Quel vin avec du lapin ? Nos accords par recette
Vous avez un lapin qui rôtit au four ou qui mijote déjà dans sa sauce, et une question reste en suspens au moment de mettre la table. Quel vin avec du lapin allez vous servir ce soir ? La réponse dépend presque entièrement de la recette. Voici comment choisir juste, sans se tromper.
La règle d’or pour accorder vin et lapin
Le lapin est une viande blanche fine et maigre, bien loin d’un gibier puissant ou d’un bœuf grassement mijoté. Elle supporte mal les vins trop concentrés ou trop tanniques, qui écrasent sa délicatesse au lieu de la mettre en valeur.
Le bon réflexe est donc de privilégier des vins souples, fruités, peu marqués par le bois. C’est cette logique qui va guider chaque choix ci dessous, quelle que soit la recette que vous avez en tête.
Quel vin choisir selon votre recette de lapin
Tout se joue dans la sauce et les aromates.

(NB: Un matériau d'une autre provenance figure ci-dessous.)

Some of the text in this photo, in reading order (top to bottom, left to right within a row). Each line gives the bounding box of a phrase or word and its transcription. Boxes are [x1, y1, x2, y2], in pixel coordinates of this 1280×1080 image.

Voici les accords qui fonctionnent vraiment, préparation par préparation.
Lapin à la moutarde
Optez pour un vin blanc vif et un peu gras, comme un Chablis, un Montagny ou une Côte de Beaune. Le côté beurré du chardonnay adoucit le piquant de la moutarde sans jamais s’effacer devant la sauce crémeuse.
Lapin chasseur
La sauce aux champignons, vin blanc et échalotes appelle un rouge fin plutôt qu’un rouge costaud. Un Pinot Noir de Bourgogne (Rully, Givry) ou un vin de Loire comme un Chinon ou un Saumur Champigny fera parfaitement l’affaire.

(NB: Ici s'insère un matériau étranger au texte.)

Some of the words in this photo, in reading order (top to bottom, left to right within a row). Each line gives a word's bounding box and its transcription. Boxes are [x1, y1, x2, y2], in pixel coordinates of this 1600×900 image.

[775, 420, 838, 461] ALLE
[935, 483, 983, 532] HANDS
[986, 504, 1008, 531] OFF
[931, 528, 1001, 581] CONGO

Lapin rôti aux herbes et à l’ail
Thym, laurier, ail et parfois quelques olives demandent un rouge juteux et croquant. Un Beaujolais type Fleurie ou Morgon, ou un Côtes du Rhône sans excès d’extraction, accompagne les herbes sans les masquer.
Civet de lapin
Ici la sauce est plus riche et plus corsée, elle peut donc porter un rouge un peu plus structuré. Un Côtes du Rhône Villages, un Madiran assagi de quelques années ou un Fitou souple s’accordent bien avec cette préparation généreuse. Évitez seulement les millésimes trop jeunes, dont les tanins durciraient la perception de la viande.
Lapin au cidre
La touche de pomme et la légère acidité du cidre se marient bien avec un blanc du Rhône nord, comme un Crozes Hermitage ou un Saint Joseph vieilli quelques années. Avec le temps, ces vins développent des notes de fruits secs qui font écho au plat.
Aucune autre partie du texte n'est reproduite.